Richard Mitchell addresses many of the questions McWhorter raises, but also has some clear and specific worries about what happens (other than boring piano bars) when we lose our language facility. A smaller vocabulary is like s smaller toolbox, and the fewer tools we have, the more often we must make do. A crescent wrench can perform as a hammer, but it slows the job and makes it less likely to be done at all, never mind done well.
Lots of interesting things in here, but too diffuse an argument and too much extraneous or repetitive material. I kept looking for the source of the essays that made up this tome, but apparently this is how it was composed. Disappointing.
1. Clever, subtle insights. I never knew that there was such a big difference between the written and spoken languages, nor that the divergence was as large as it is for languages that have been written for such a long time.
2. Another clever insight: Talks about how languages are flattened out as they get used over large amounts of space and among large numbers of people. (This would explain the simplicity of the Chinese vocabulary and the movement toward greater simplicity within English.)
3. The author points out that a lot of English grammatical rules have come from a Latin base and make the assumption that because something was so in Latin that it should be so in English. This explains why the cognoscenti think that sentences should not be ended with pronouns (among other rules that seem to have no reason). He also gives us references/ sources for the origins of these rules.
Bad points (they exceed in both number AND quality the good ones):
1. Lots of inaccessible vocabulary. (We know that you think it's cute that you can drop these words, but just what do they add that a simpler/ more common word would not have sufficed to use instead?)Rococo? Aught? Leitmotif? Imperious? Be for real here. (In spite of all these $5 words, he manages to misspell "Dr. Seuss" several times in the text.)
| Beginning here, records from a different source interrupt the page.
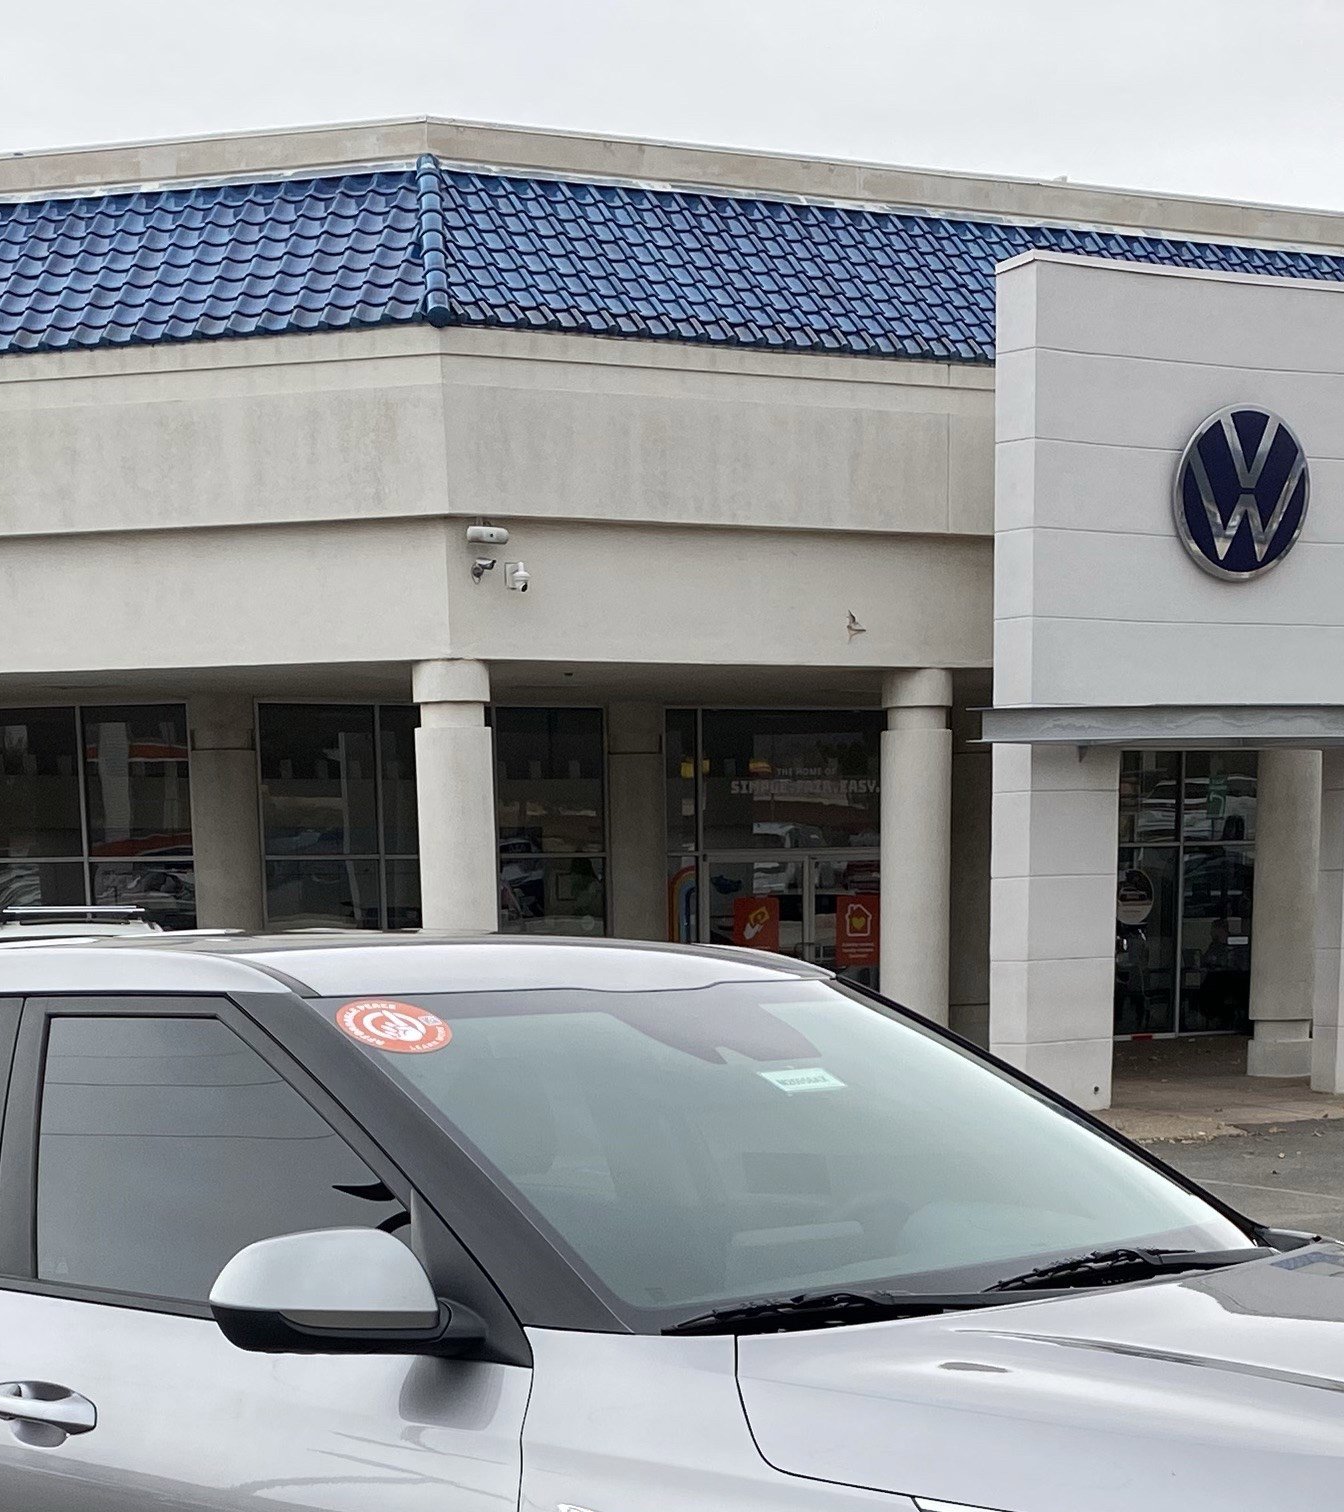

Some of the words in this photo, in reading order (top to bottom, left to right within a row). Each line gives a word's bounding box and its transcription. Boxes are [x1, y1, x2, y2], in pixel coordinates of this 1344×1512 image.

[1180, 405, 1308, 570] VW
[777, 768, 792, 776] THE
[795, 768, 821, 776] HOME
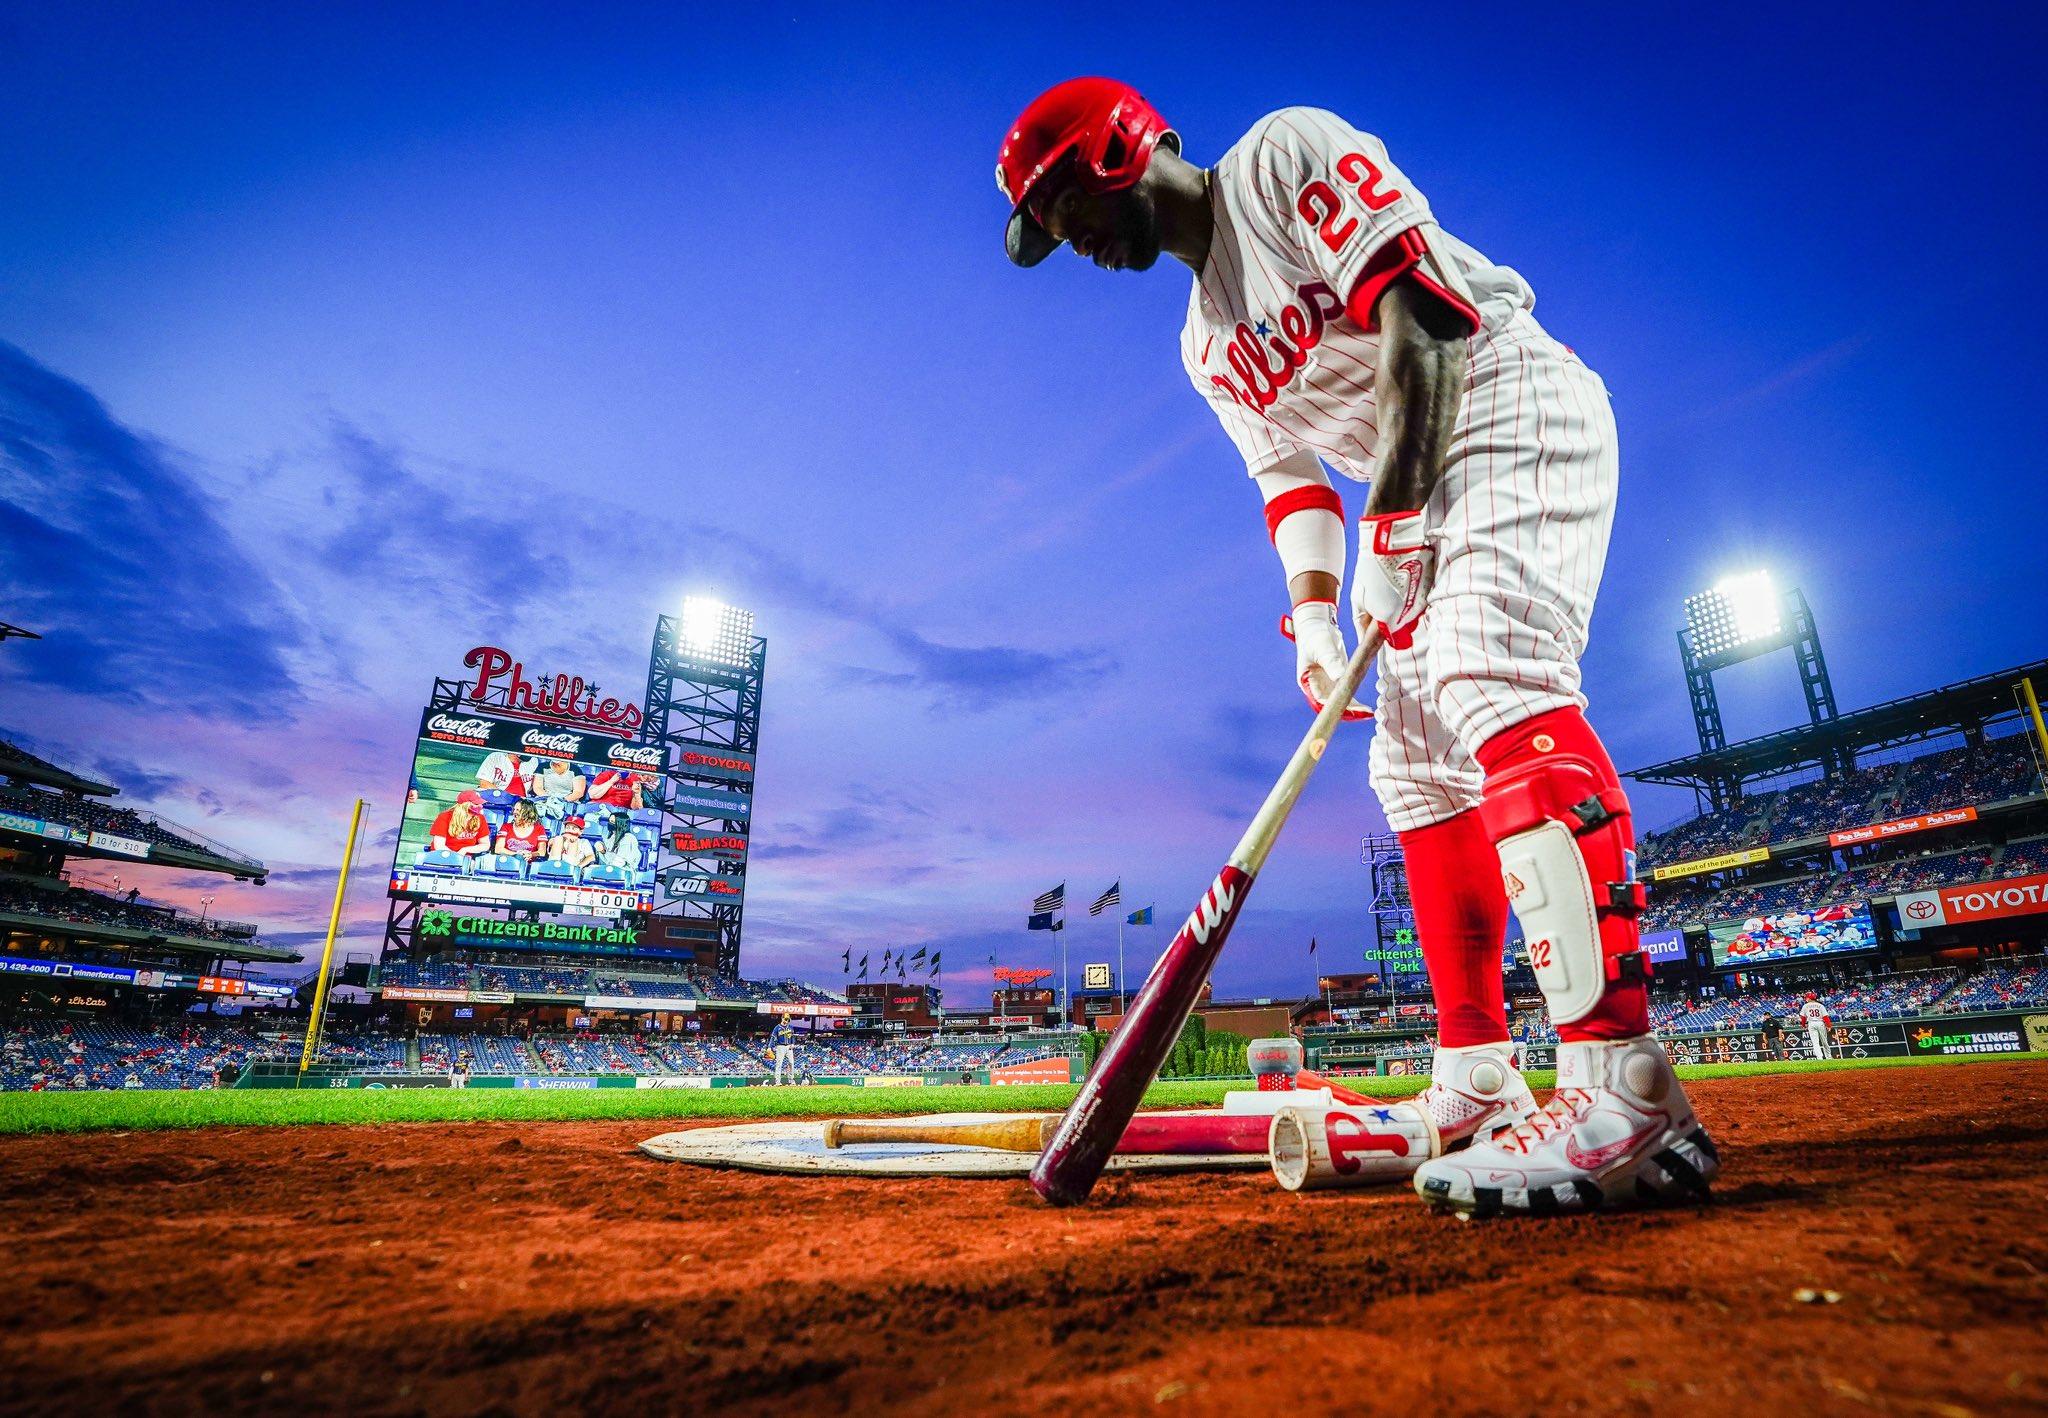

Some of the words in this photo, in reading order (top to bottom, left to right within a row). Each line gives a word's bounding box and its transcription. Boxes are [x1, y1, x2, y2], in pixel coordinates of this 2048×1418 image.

[1297, 152, 1402, 255] 22
[463, 646, 644, 728] Phillies
[455, 736, 486, 746] SUGAR
[548, 750, 575, 760] SUGAR
[632, 763, 658, 772] SUGAR
[700, 754, 752, 772] TOYOTA
[109, 840, 121, 848] for
[1670, 867, 1680, 875] Hit
[1680, 866, 1686, 874] it
[1707, 861, 1719, 869] the
[669, 877, 708, 894] KDI
[601, 894, 610, 906] 0
[614, 895, 622, 907] 0
[627, 896, 635, 908] 0
[456, 916, 540, 938] Citizens
[543, 922, 593, 941] Bank
[596, 925, 638, 944] Park
[1365, 948, 1414, 961] Citizens
[1531, 939, 1551, 970] 22
[1393, 960, 1420, 972] Park
[773, 1005, 805, 1013] TOYOTA
[1809, 1009, 1820, 1018] 38
[1512, 1028, 1522, 1037] 20
[1866, 1026, 1877, 1034] PIT
[1688, 1039, 1699, 1047] LAD
[1741, 1035, 1756, 1043] CWS
[1869, 1035, 1879, 1043] SD
[1918, 1031, 2019, 1048] DRAFTKINGS
[1943, 1042, 2020, 1054] SPORTSBOOK
[1747, 1052, 1758, 1060] ARI
[329, 1078, 349, 1088] 334
[538, 1078, 591, 1089] SHERWIN
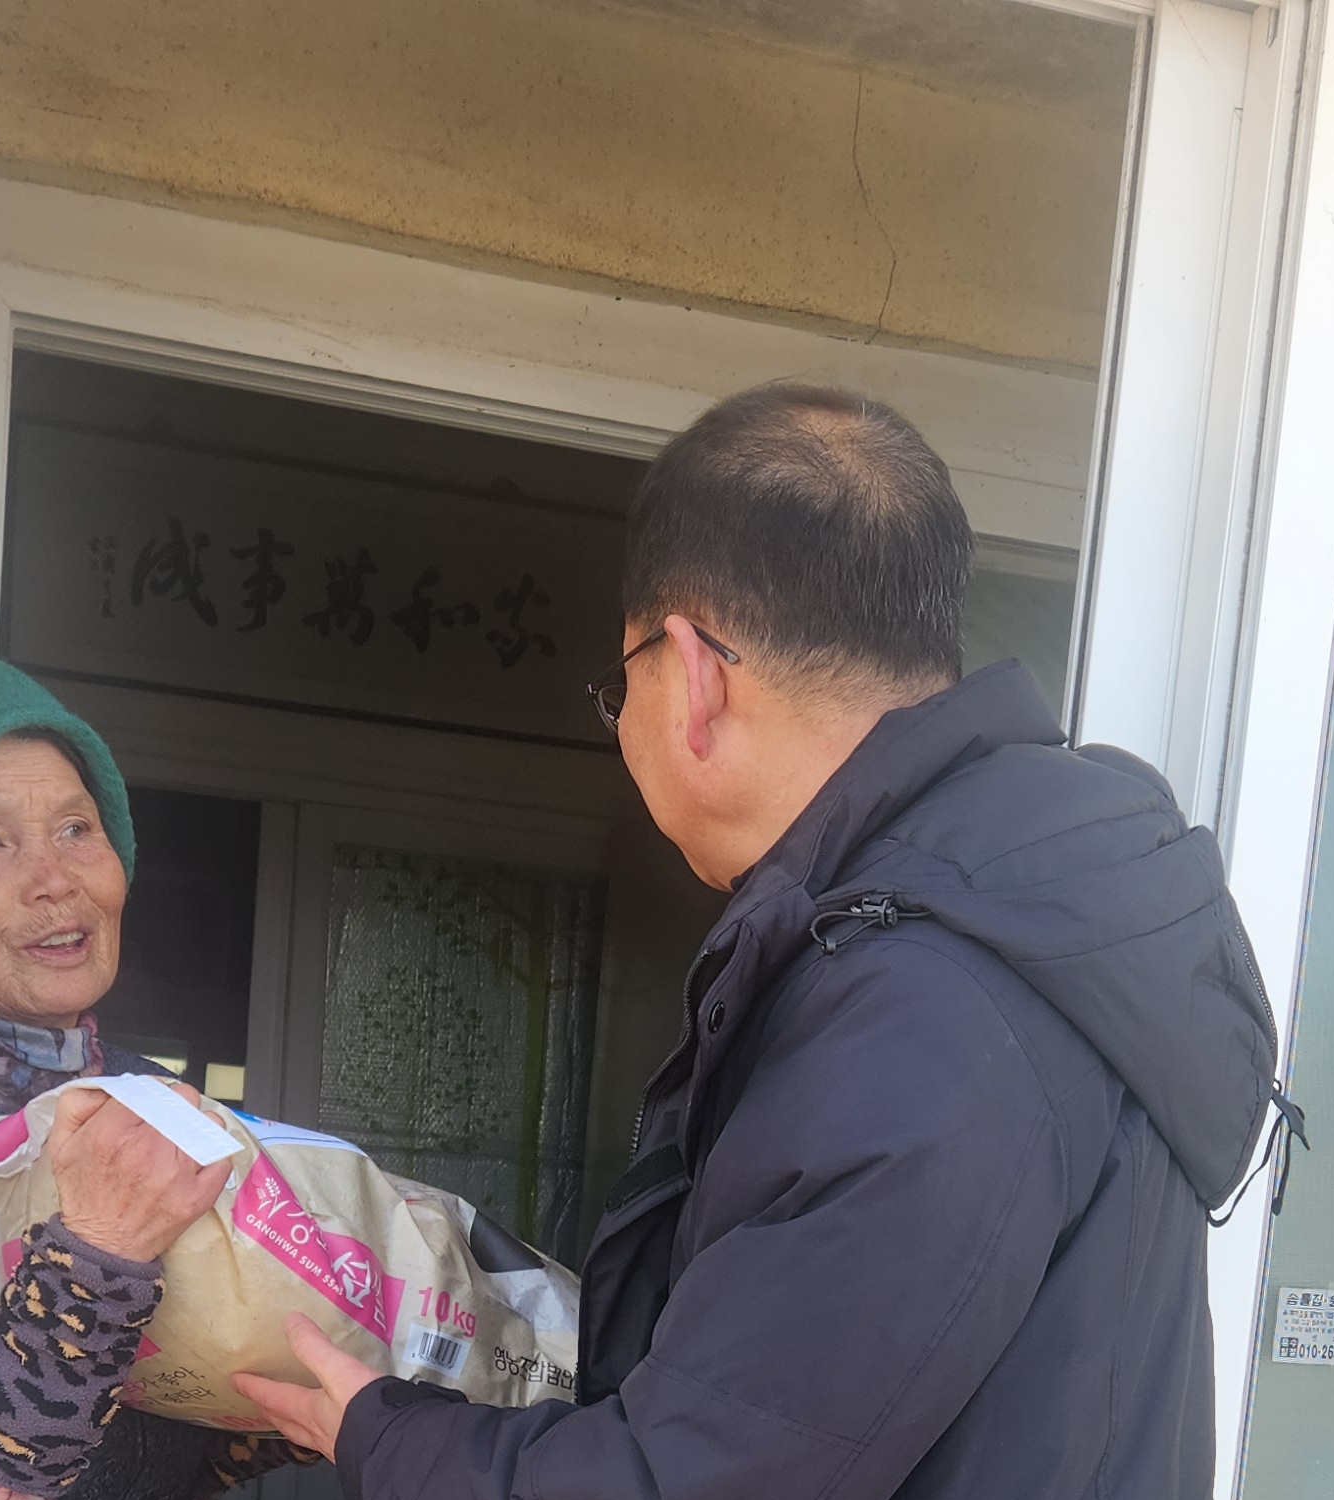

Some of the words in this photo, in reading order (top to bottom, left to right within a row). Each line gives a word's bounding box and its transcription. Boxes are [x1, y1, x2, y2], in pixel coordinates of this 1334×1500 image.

[245, 1213, 298, 1259] GANGHWA
[299, 1254, 323, 1278] SUM
[322, 1273, 345, 1297] SSAL
[418, 1286, 477, 1338] 10kg
2. Strange value judgments. "Vulgar materialism"? If some people like to make money and others aren't as concerned, are the former people "vulgar"? Where did this come from in a book about language? He makes the case that there is no such thing as bad grammar. OK, fair enough. But what about the continuity of the Hebrew language over vast amounts of time? If someone had said that "there is no such thing as bad grammar," would Hebrew be the same all over the world?
3. This book goes on a great length, and I really wonder: "Were all these words necessary to say nothing in particular?"
4. What is wrong with parsimony in word choice? Scientific papers (which have a lot more to say than almost every political speech that is ever made) make it a point to use the fewest words possible to say something. Speeches given by various political candidates make use of beautiful word imagery and yet manage to say nothing in particular. Speeches given by Post-modernists/ Communists/ Fabian Socialists go on at great length and make elaborate images, but seem to say NOTHING MUCH when all the smoke and dust clears. So, I just don't see what is McWhorter's point in aggrandizing bloated rhetorical speech over plain speaking when neither necessarily says more than the other.
5. McWhorter made mention (in a roundabout way) that languages tend to get simplified/ flattened out the more people that use them. Why not apply this same reasoning to what he perceives as the simplification of speeches by modern day English speakers?
6. Ok, so some people are really attached to their languages? So now what? French people are eternally enamored of the beauty of their language (and tell the whole world so at every opportunity), but WHO CARES? Who speaks French? Who publishes anything of scientific import in French? English is not even an official language in the States (or England or Australia)-- and don't you just know that the world's second language is English?